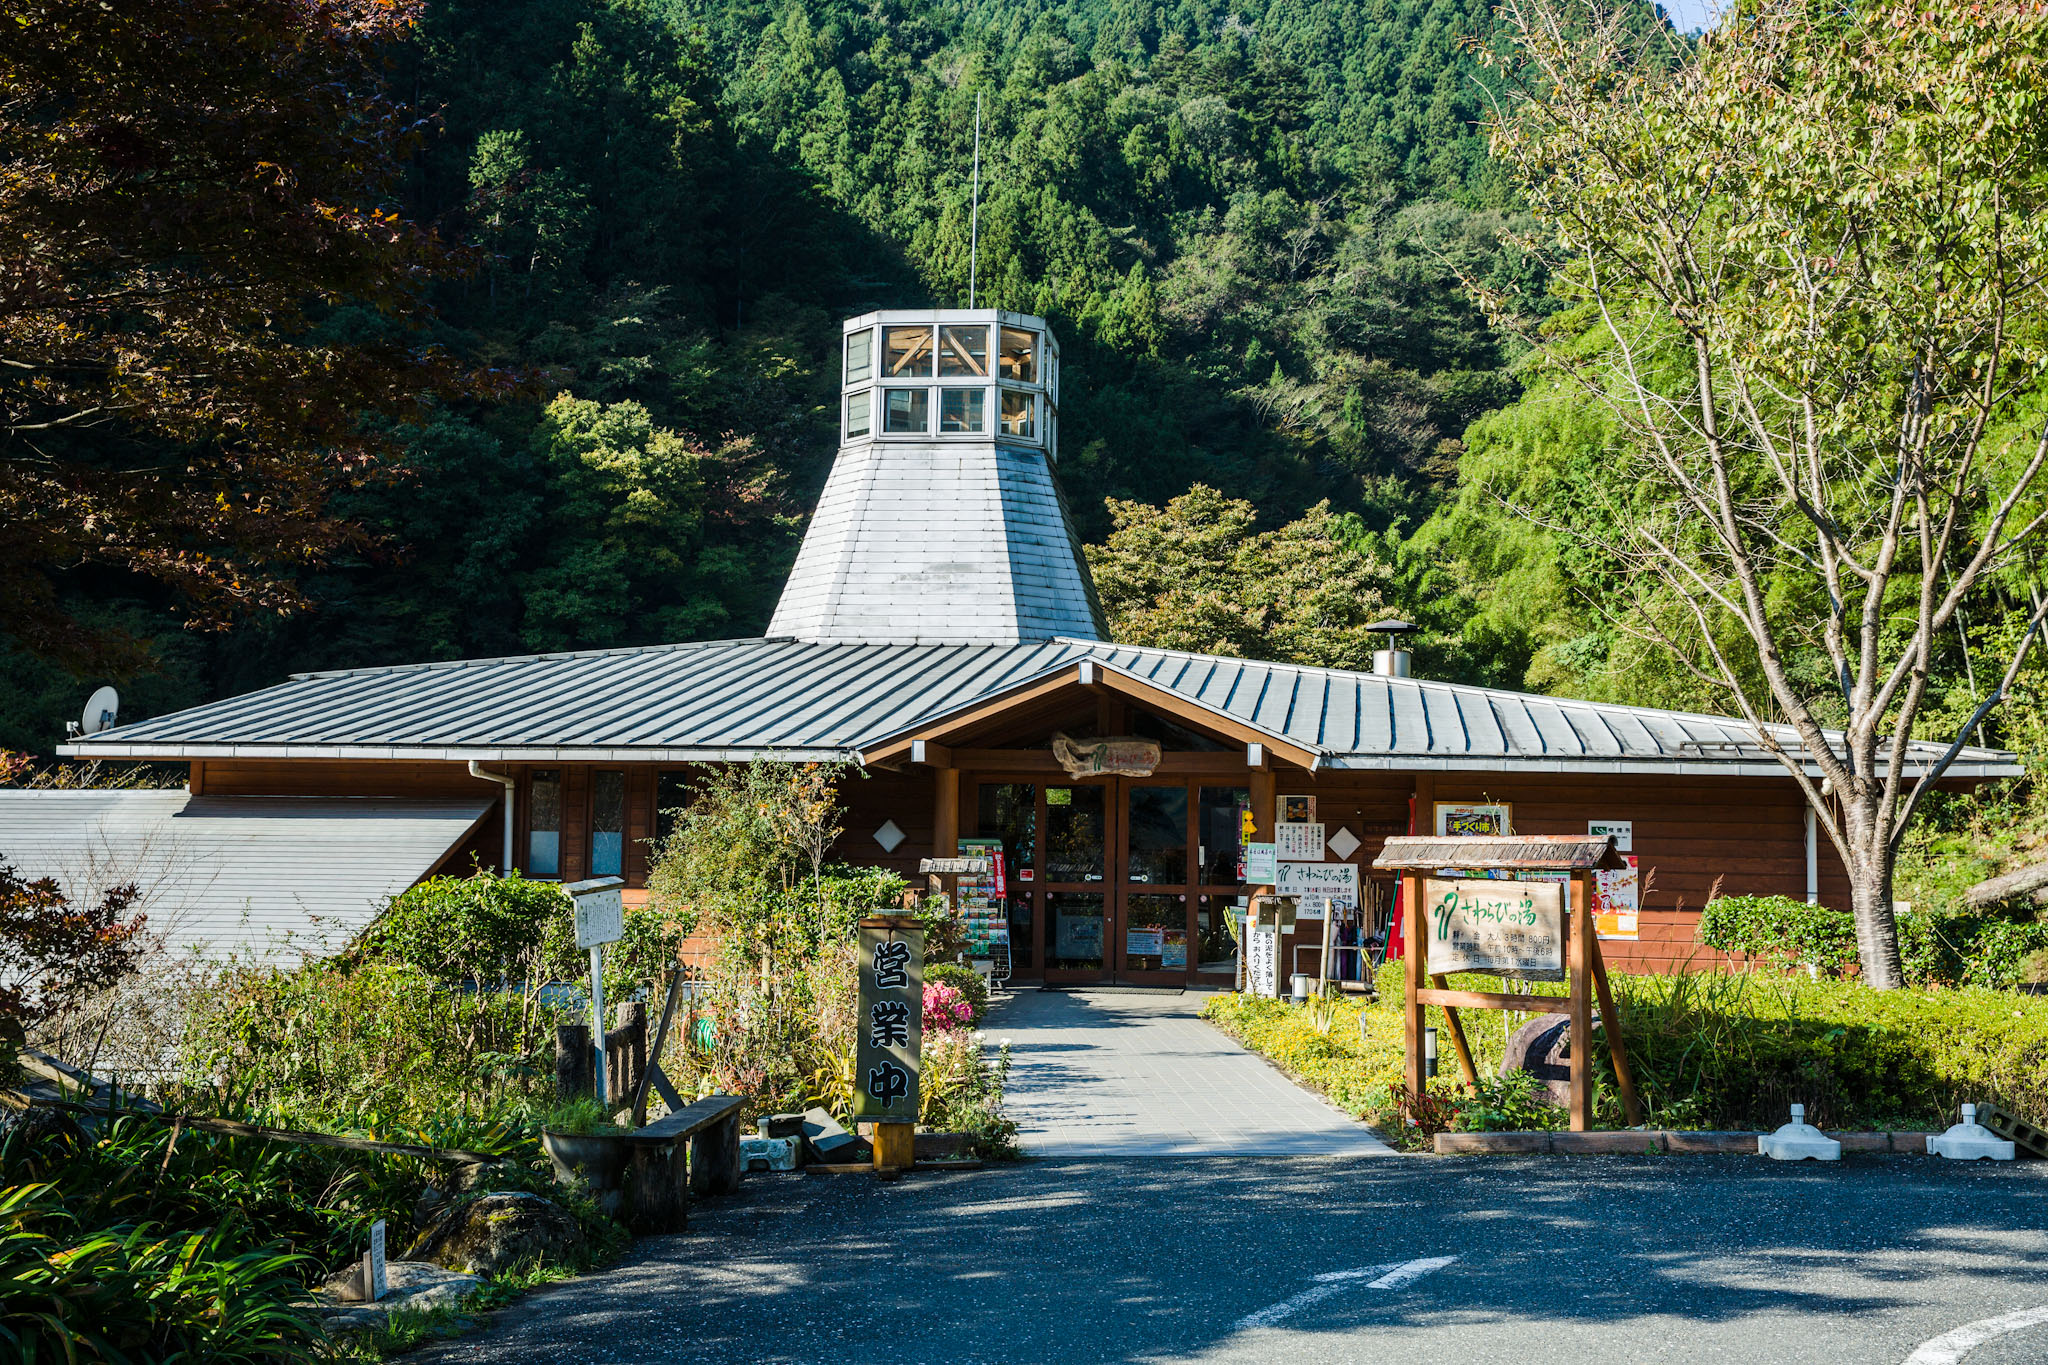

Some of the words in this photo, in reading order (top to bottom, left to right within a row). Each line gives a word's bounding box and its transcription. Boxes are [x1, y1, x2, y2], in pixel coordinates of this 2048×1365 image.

[1296, 866, 1353, 884] さわらびの湯
[1461, 898, 1537, 926] さわらびの湯
[1528, 935, 1550, 945] 800円
[868, 940, 912, 1110] 営業中
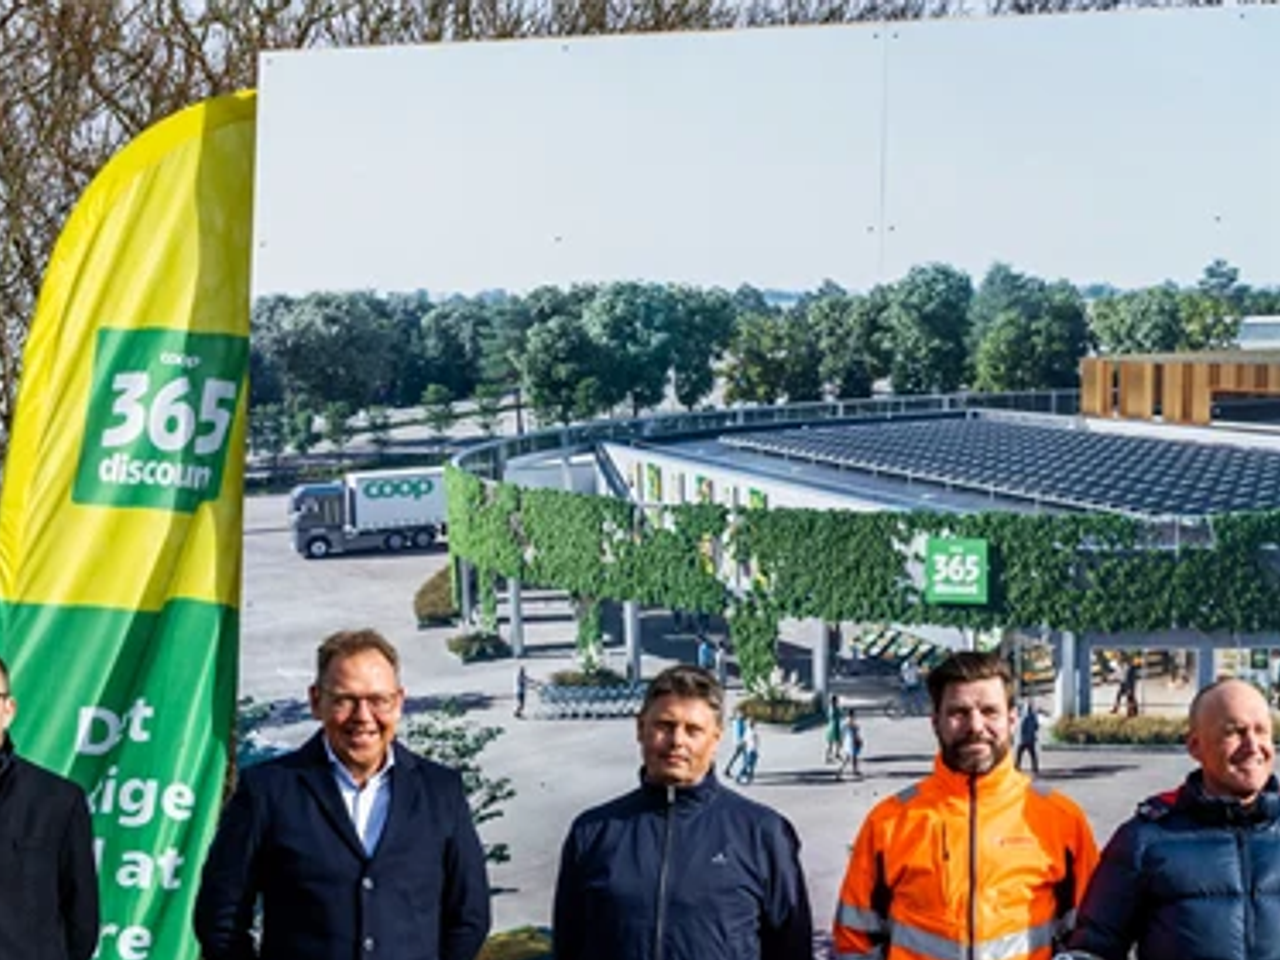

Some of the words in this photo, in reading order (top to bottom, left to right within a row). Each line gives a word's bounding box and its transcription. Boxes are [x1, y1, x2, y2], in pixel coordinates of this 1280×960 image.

[101, 371, 236, 455] 365
[98, 452, 212, 490] discoun
[363, 479, 433, 501] coop
[932, 554, 980, 582] 365
[77, 697, 155, 755] Dt
[88, 765, 195, 827] ige
[116, 846, 183, 889] at
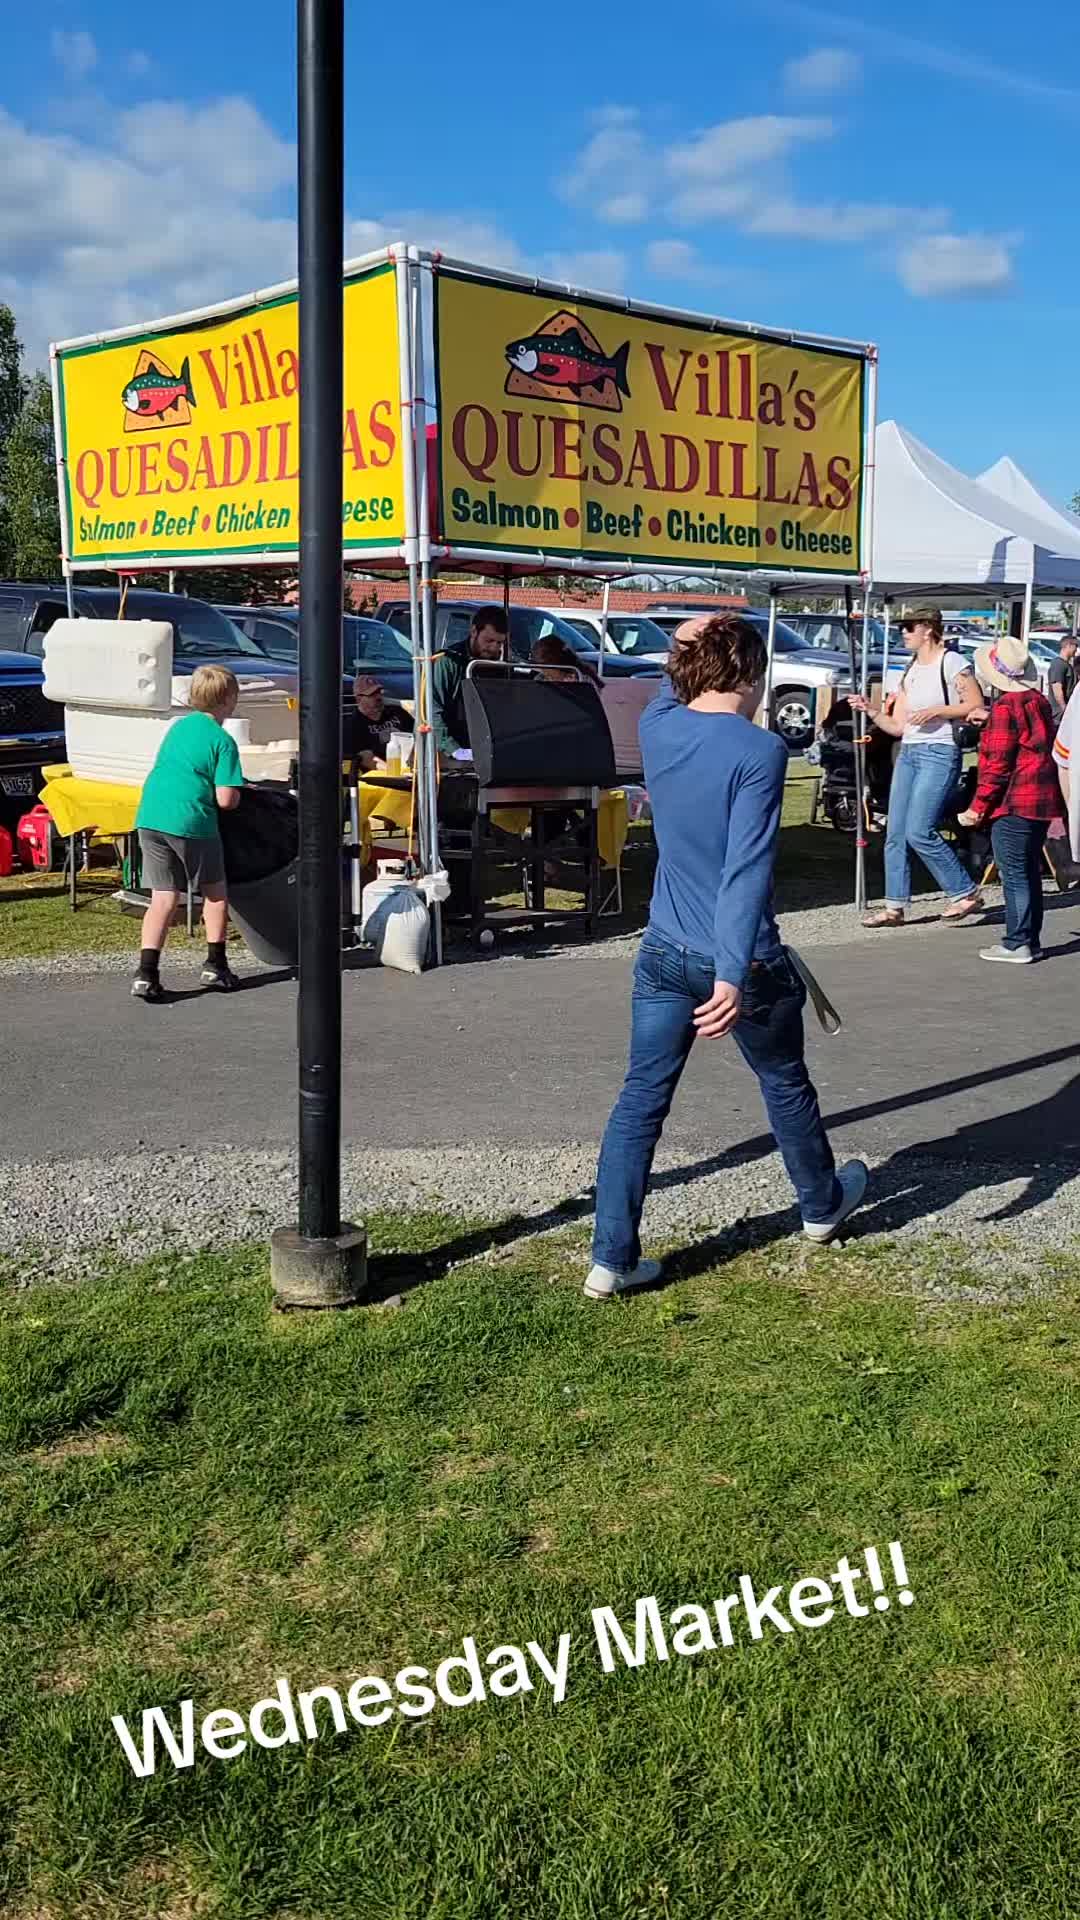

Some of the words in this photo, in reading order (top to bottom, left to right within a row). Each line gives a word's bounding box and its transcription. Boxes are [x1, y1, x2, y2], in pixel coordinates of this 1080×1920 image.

[198, 328, 298, 410] Villa
[643, 342, 817, 432] Villa's
[76, 399, 396, 508] QUESADILAS
[452, 403, 851, 511] QUESADILLAS
[79, 514, 136, 542] Salmon
[151, 505, 200, 537] Beef
[215, 499, 292, 534] Chicken
[342, 496, 394, 524] eese
[452, 487, 559, 531] Salmon
[586, 501, 644, 538] Beef
[667, 508, 760, 548] Chicken
[780, 519, 852, 556] Cheese
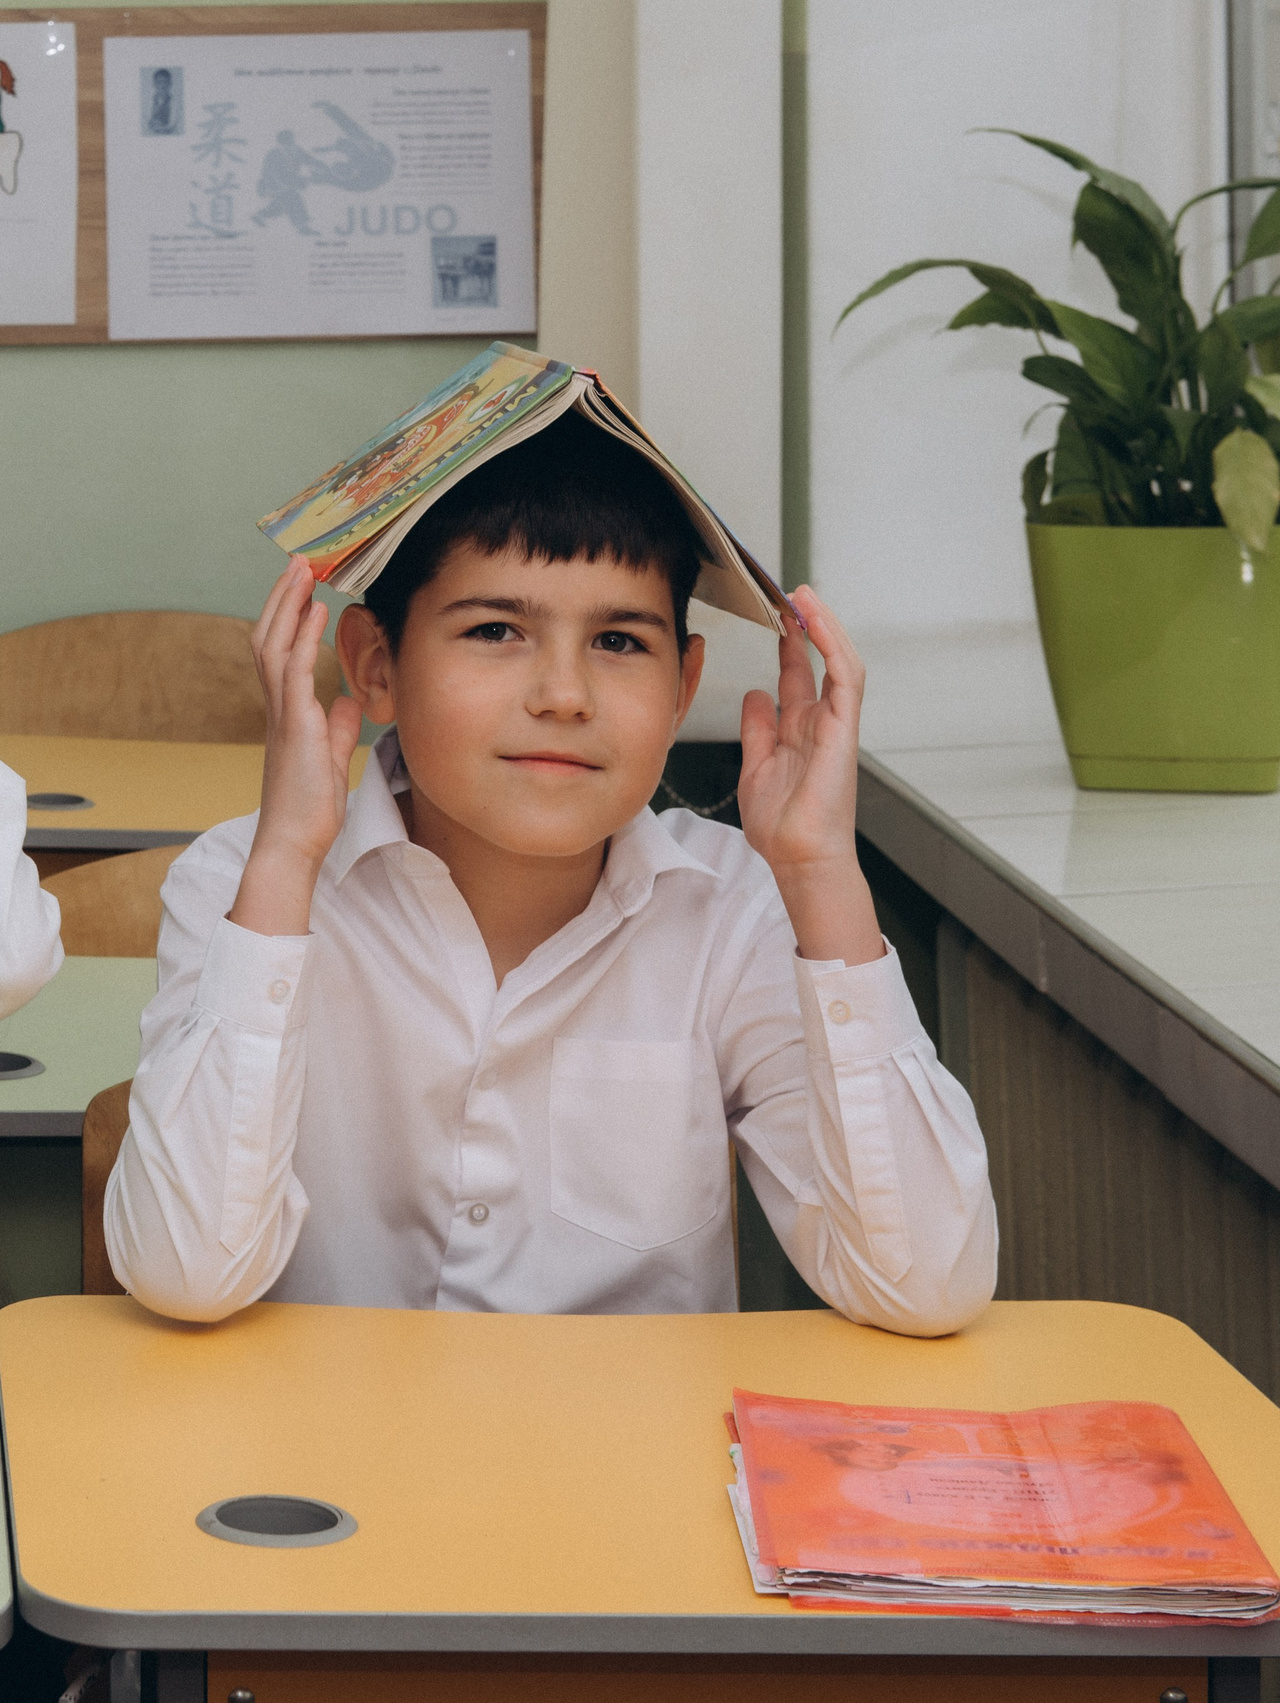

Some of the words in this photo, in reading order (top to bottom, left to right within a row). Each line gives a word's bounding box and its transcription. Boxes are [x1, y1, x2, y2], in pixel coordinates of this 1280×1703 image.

[333, 203, 459, 236] JUDO
[481, 390, 508, 411] 4
[328, 385, 538, 552] Мистецтво

» **What you need to do**
Word for word, return the material, omitting the pictures.

» **Solved exercise**
Some of the words in this photo, in reading order (top to bottom, left to right within a row). Each line gives a word's bounding box and its transcription. Boxes are [x1, y1, x2, y2], in pixel coordinates of this 2048×1365 image.

[1296, 866, 1353, 884] さわらびの湯
[1461, 898, 1537, 926] さわらびの湯
[1528, 935, 1550, 945] 800円
[868, 940, 912, 1110] 営業中

Some of the words in this photo, in reading order (top to bottom, left to right within a row). Each line gives a word's bounding box and its transcription. Boxes are [x1, y1, x2, y2], in pixel coordinates of this 1280×960 image.

[101, 371, 236, 455] 365
[98, 452, 212, 490] discoun
[363, 479, 433, 501] coop
[932, 554, 980, 582] 365
[77, 697, 155, 755] Dt
[88, 765, 195, 827] ige
[116, 846, 183, 889] at

Some of the words in this photo, in reading order (top to bottom, left to right within a row). Each line gives a word's bounding box and its transcription. Boxes are [x1, y1, x2, y2], in pixel coordinates of this 1080×1920 image.

[198, 328, 298, 410] Villa
[643, 342, 817, 432] Villa's
[76, 399, 396, 508] QUESADILAS
[452, 403, 851, 511] QUESADILLAS
[79, 514, 136, 542] Salmon
[151, 505, 200, 537] Beef
[215, 499, 292, 534] Chicken
[342, 496, 394, 524] eese
[452, 487, 559, 531] Salmon
[586, 501, 644, 538] Beef
[667, 508, 760, 548] Chicken
[780, 519, 852, 556] Cheese

Some of the words in this photo, in reading order (top to bottom, left to right within a row). Each line gives a word's bounding box and its transcription. Boxes are [x1, y1, x2, y2], in pixel coordinates of this 1280×1703 image.

[333, 203, 459, 236] JUDO
[481, 390, 508, 411] 4
[328, 385, 538, 552] Мистецтво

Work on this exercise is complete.